From: Alexey Budankov <alexey.budankov@linux.intel.com>
To: Peter Zijlstra <peterz@infradead.org>,
Ingo Molnar <mingo@kernel.org>,
Arnaldo Carvalho de Melo <acme@kernel.org>
Cc: Alexander Shishkin <alexander.shishkin@linux.intel.com>,
Jiri Olsa <jolsa@redhat.com>, Namhyung Kim <namhyung@kernel.org>,
Andi Kleen <ak@linux.intel.com>,
linux-kernel <linux-kernel@vger.kernel.org>
Subject: [PATCH v8 0/3]: perf: reduce data loss when profiling highly parallel CPU bound workloads
Date: Fri, 7 Sep 2018 10:07:22 +0300 [thread overview]
Message-ID: <e1144f9d-b231-e42c-d698-4db0e62b71ff@linux.intel.com> (raw)
Currently in record mode the tool implements trace writing serially.
The algorithm loops over mapped per-cpu data buffers and stores
ready data chunks into a trace file using write() system call.
At some circumstances the kernel may lack free space in a buffer
because the other buffer's half is not yet written to disk due to
some other buffer's data writing by the tool at the moment.

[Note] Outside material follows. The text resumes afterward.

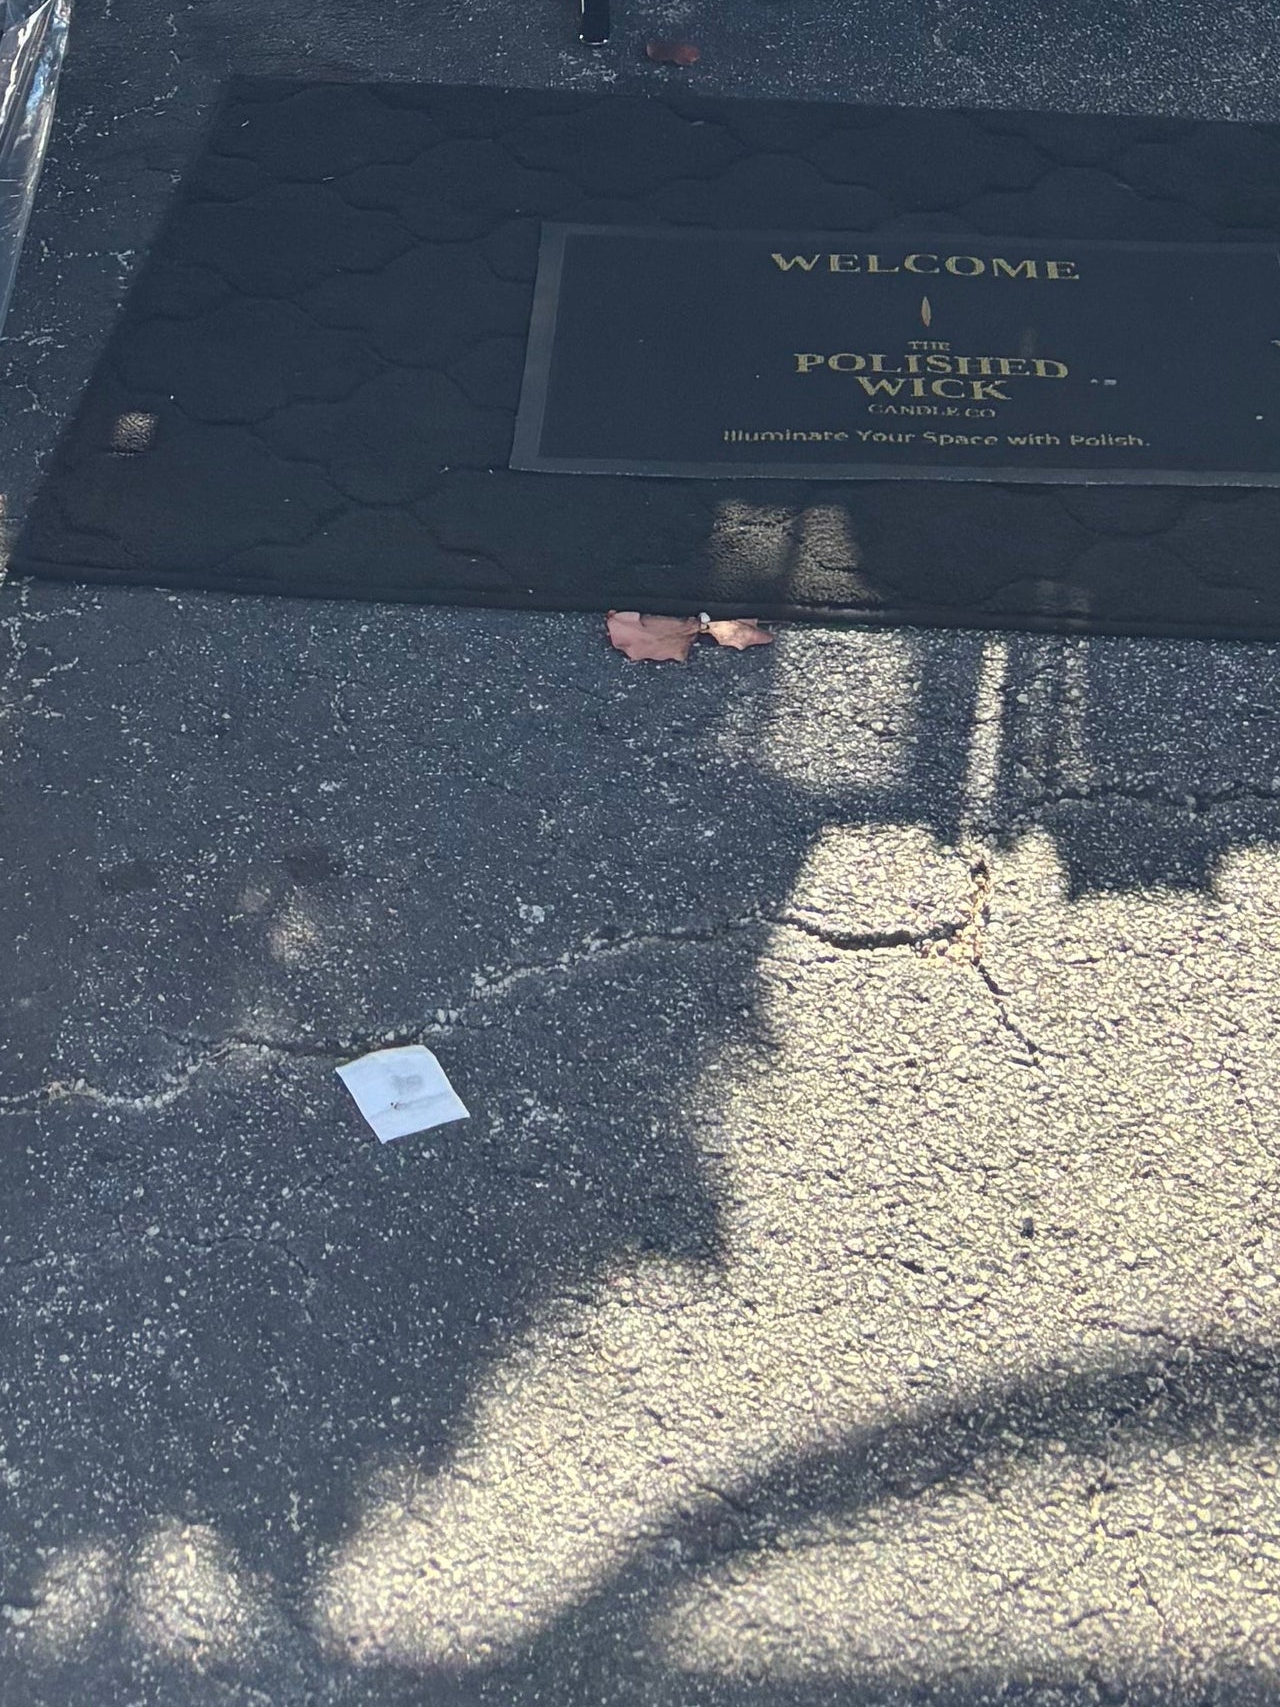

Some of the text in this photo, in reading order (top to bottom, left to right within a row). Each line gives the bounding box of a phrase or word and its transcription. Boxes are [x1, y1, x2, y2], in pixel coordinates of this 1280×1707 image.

Thus serial trace writing implementation may cause the kernel
to loose profiling data and that is what observed when profiling
highly parallel CPU bound workloads on machines with big number
of cores.
Experiment with profiling matrix multiplication code executing 128
threads on Intel Xeon Phi (KNM) with 272 cores, like below,
demonstrates data loss metrics value of 98%:
/usr/bin/time perf record -o /tmp/perf-ser.data -a -N -B -T -R -g \
--call-graph dwarf,1024 --user-regs=IP,SP,BP \
--switch-events -e cycles,instructions,ref-cycles,software/period=1,name=cs,config=0x3/Duk -- \
matrix.gcc
Data loss metrics is the ratio lost_time/elapsed_time where
lost_time is the sum of time intervals containing PERF_RECORD_LOST
records and elapsed_time is the elapsed application run time
under profiling.
Applying asynchronous trace streaming thru Posix AIO API
(http://man7.org/linux/man-pages/man7/aio.7.html)

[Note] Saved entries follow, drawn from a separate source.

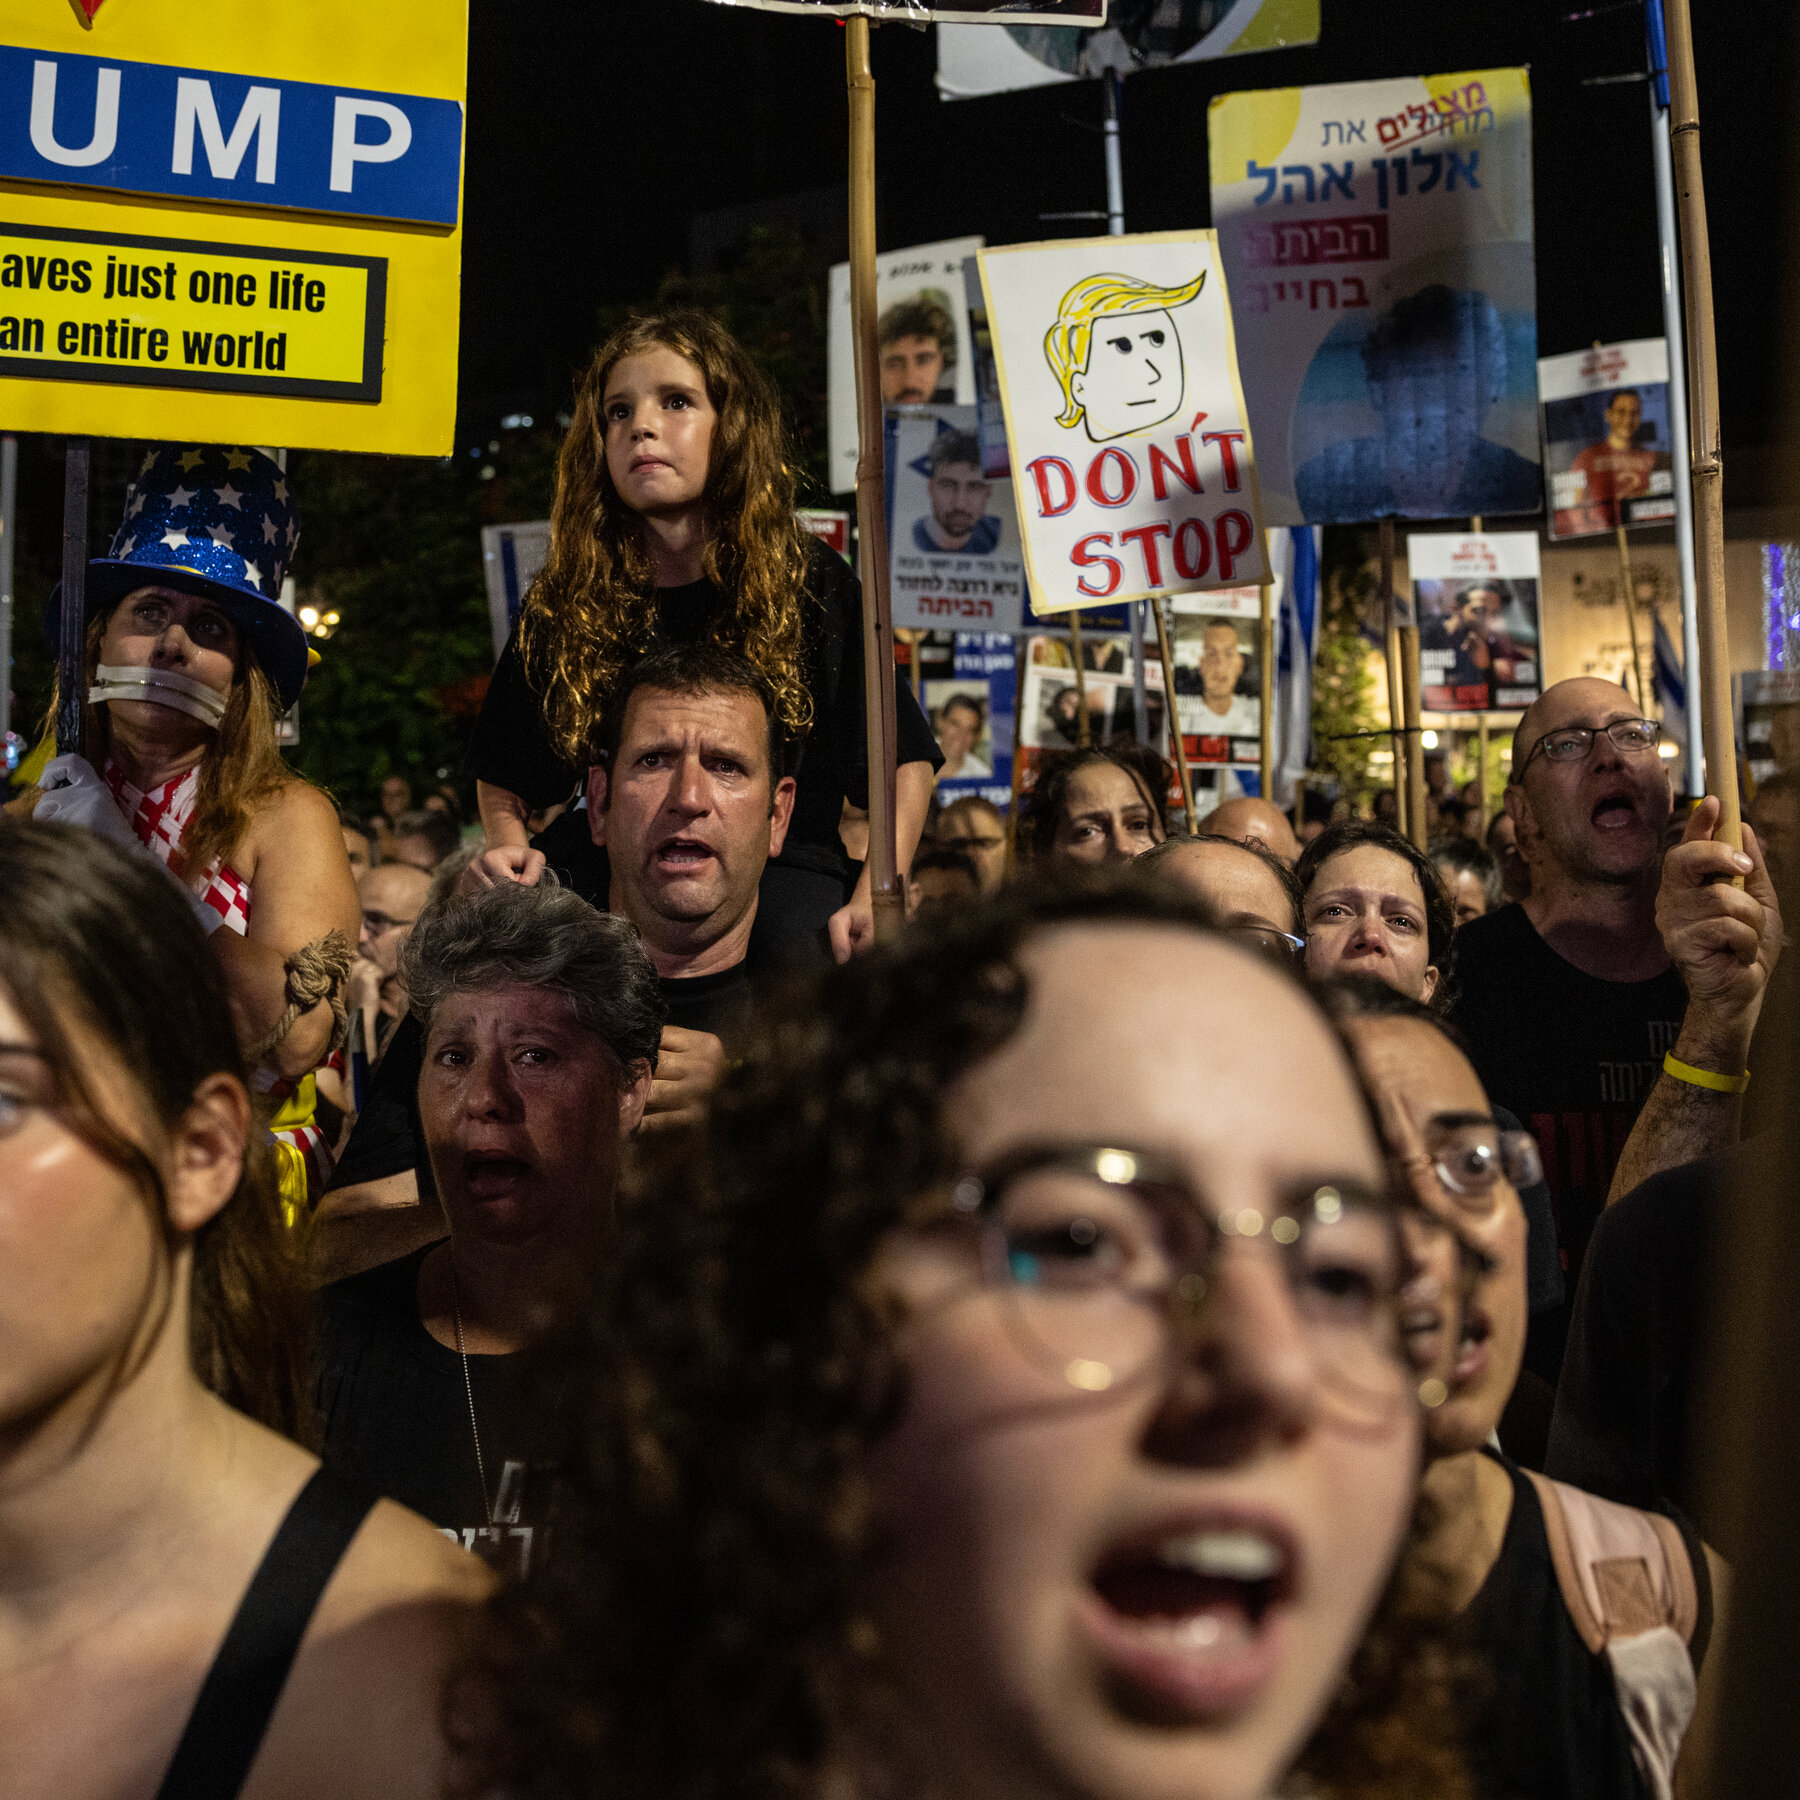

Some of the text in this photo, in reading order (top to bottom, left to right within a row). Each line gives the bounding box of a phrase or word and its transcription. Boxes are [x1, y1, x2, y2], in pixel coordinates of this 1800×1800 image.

[29, 60, 413, 193] UMP
[1321, 119, 1367, 146] את
[1247, 148, 1482, 210] אלון אהל
[1, 253, 327, 313] aves just one life
[0, 316, 288, 371] an entire world
[1026, 412, 1246, 517] DON'T
[1070, 509, 1254, 597] STOP
[918, 596, 994, 618] הביתה

lowers data loss metrics value providing 2x improvement -
lowering 98% loss to almost 0%.
---
Alexey Budankov (3):
perf util: map data buffer for preserving collected data
perf record: enable asynchronous trace writing
perf record: extend trace writing to multi AIO
tools/perf/builtin-record.c | 166 ++++++++++++++++++++++++++++++++++++++++++--
tools/perf/perf.h | 1 +
tools/perf/util/evlist.c | 7 +-
tools/perf/util/evlist.h | 3 +-
tools/perf/util/mmap.c | 114 ++++++++++++++++++++++++++----
tools/perf/util/mmap.h | 11 ++-
6 files changed, 277 insertions(+), 25 deletions(-)
---
Changes in v8:
- run the whole thing thru checkpatch.pl and corrected found issues except
lines longer than 80 symbols
- corrected comments alignment and formatting
- moved multi AIO implementation into 3rd patch in the series
- implemented explicit cblocks array allocation
- split AIO completion check into separate record__aio_complete()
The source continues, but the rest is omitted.